June 1, 2025

On AGI: S-Curves and the Bitter Lesson _{(Pt 3/6)}

How We Will Progress

Homage Au Carre (1964) -Josef Albers

The Series:

Levels of Intelligence
Economic Gravity
S-Curves and the Bitter Lesson (this post)
The Practical Milestones
(coming soon) Co-Evolution
(coming soon) Bringing it All Together

Note: This post is split up into two recordings. You can also read the conversation I had with Claude in writing this article.

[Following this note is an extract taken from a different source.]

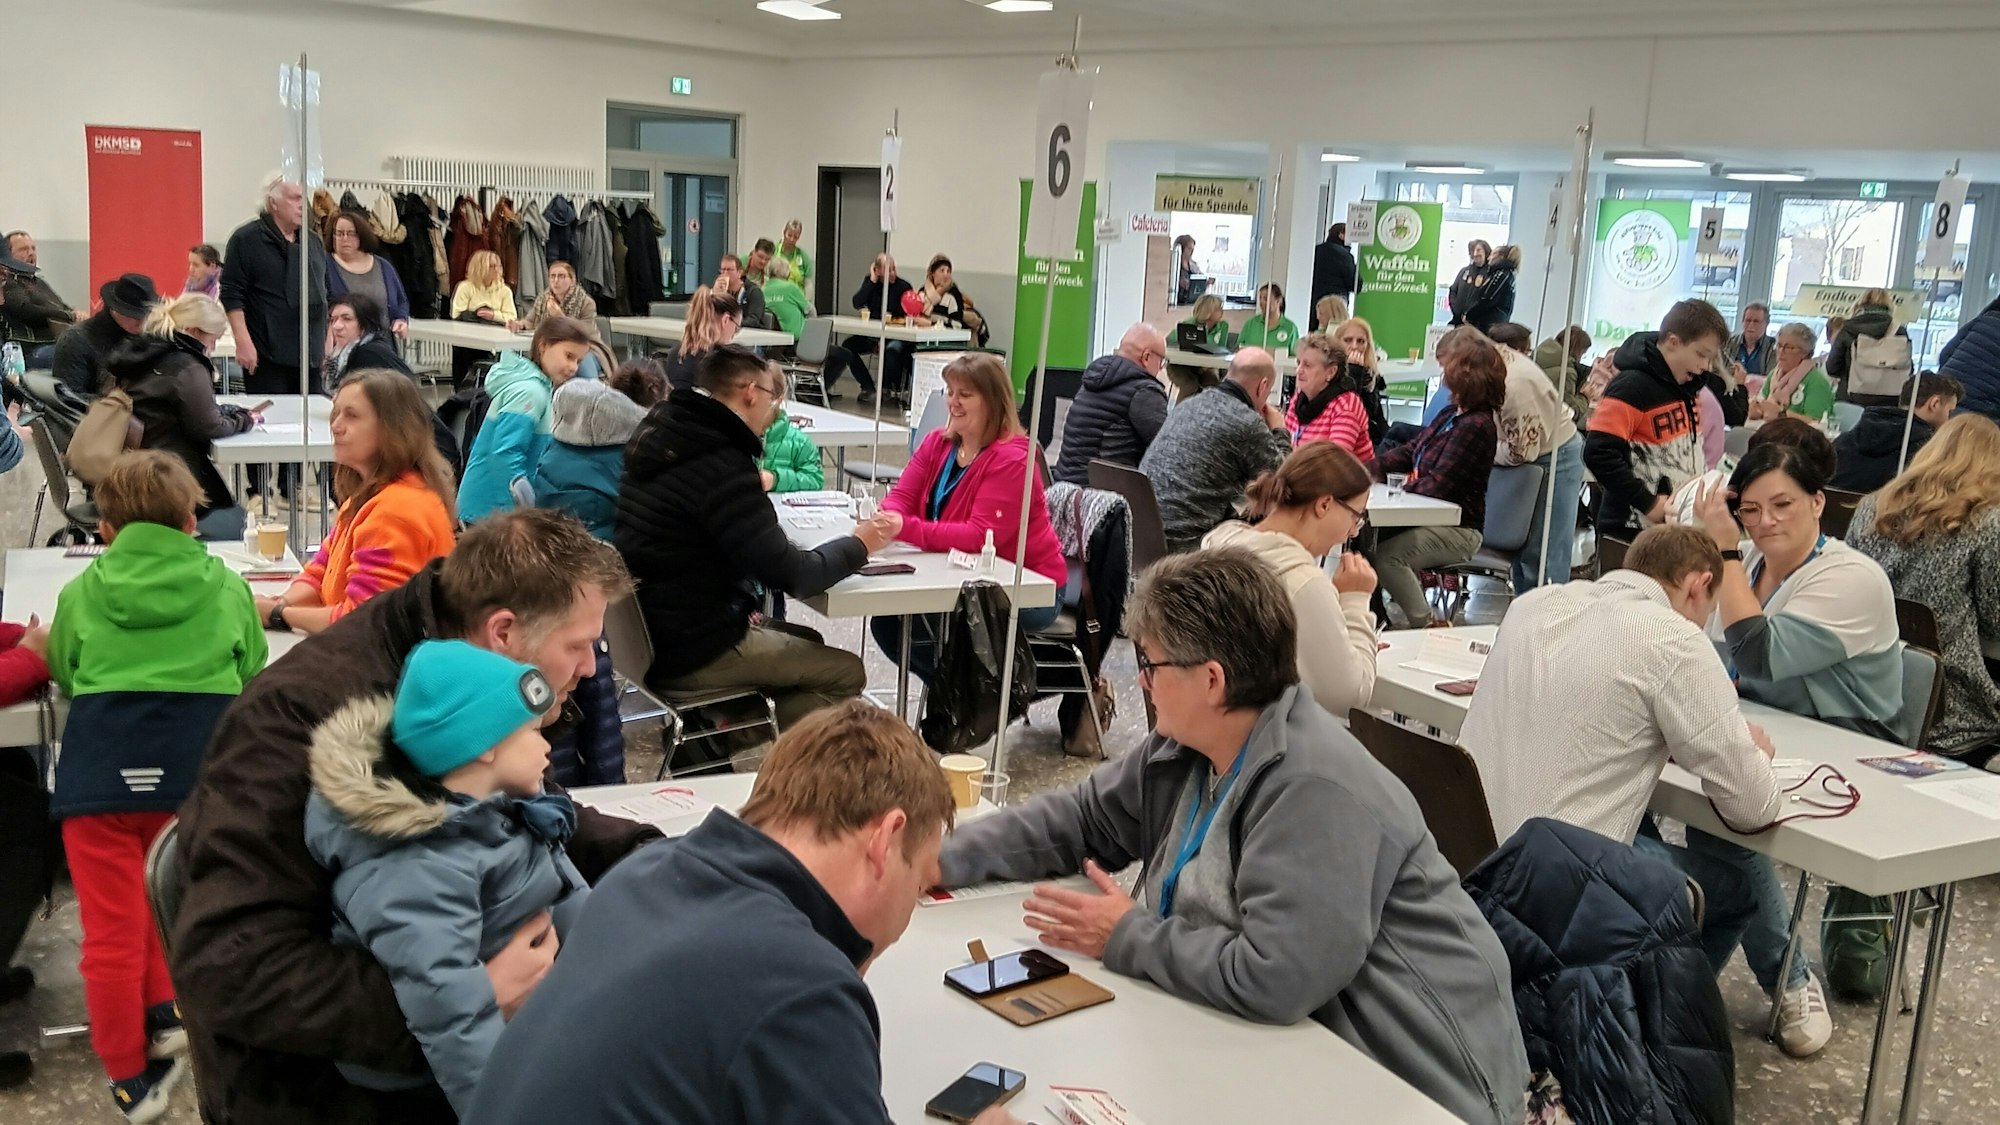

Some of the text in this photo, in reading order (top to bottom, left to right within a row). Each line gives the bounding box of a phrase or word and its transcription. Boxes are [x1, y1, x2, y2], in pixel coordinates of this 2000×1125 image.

Part 3: S-Curves and the Bitter Lesson (How It Will Progress)

The gray center in this Homage au Carre remains steady while the blue expands outward—yet notice interlude. Josef Albers deeply understood forces created by negative spaces. Here he painted an ¹allegory to pauses. To me, this is a beautiful symbol of the coming S-curve: rapid expansion, gradual slowing, then a plateau. Every revolutionary ²technology follows this rhythm. Every explosive advance eventually settles into evolutionary refinement. AI and all ³AI startups will almost certainly follow the same dance.

Riding the First S-Curve: The Bitter Lesson

We live in the era of the “bitter lesson”: if you want more intelligence, you throw more compute at it and step back. But let’s be precise about what “more intelligence” actually means.

The Bitter Lesson
-Richard Sutton (2019)

The biggest lesson that can be read from 70 years of AI research is that general methods that leverage computation are ultimately the most effective, and by a large margin. The ultimate reason for this is Moore’s law, or rather its generalization of continued exponentially falling cost per unit of computation. Most AI research has been conducted as if the computation available to the agent were constant (in which case leveraging human knowledge would be one of the only ways to improve performance) but, over a slightly longer time than a typical research project, massively more computation inevitably becomes available.

Note the key hypothesis: Bitter Lesson is an artifact of ⁴Moore’s Law, and not an empirical law.

On the other hand, the scaling laws, as quantified by ⁵Kaplan (2020) and ⁶Hoffmann (2022), follow a stubborn power law with an exponent around 0.05–0.07. Practically, this means every tenfold increase in compute gives around 1.5–1.8x improvement—not a clean doubling of capability (as measured by the ⁷loss on the training dataset), but close. However, loss itself does NOT linearly translate to understanding. Sometimes small numerical gains unlock transformative leaps—multilingual reasoning, arithmetic, nuanced dialogue. Sometimes dramatic loss reductions barely budge the needle.

We’re riding a curve that we pretend to fully understand but don’t.

Scaling Laws of Neural Language Models

The loss scales as a power-law with model size, dataset size, and the amount of compute used for training, with some trends spanning more than seven orders of magnitude. Other architectural details such as network width or depth have minimal effects within a wide range. Simple equations govern the dependence of overfitting on model/dataset size and the dependence of training speed on model size. These relationships allow us to determine the optimal allocation of a fixed compute budget. Larger models are significantly more sample-efficient, such that optimally compute-efficient training involves training very large models. arxiv

OpenAI never officially confirmed GPT-4’s cost; ⁸industry ⁹whispers place it somewhere between $50M and $150M. Extrapolate naively, and GPT-6 might require a billion dollars or more in 2027. But naive extrapolation ignores reality: compute price-performance drops roughly 40% annually, breakthroughs like ¹⁰FlashAttention deliver sudden 2–3x speedups, and sparse architectures challenge traditional dense-model scaling. Our assumptions often outpace the physics beneath them.

Still, exponential dreams face exponential constraints. Even if humanity threw the entire global GDP at training the next-generation model, we’d buy only a handful of extra doublings. Scaling feels infinite when you’re riding it upwards—but gravity is relentless, and the S-curve always asserts itself.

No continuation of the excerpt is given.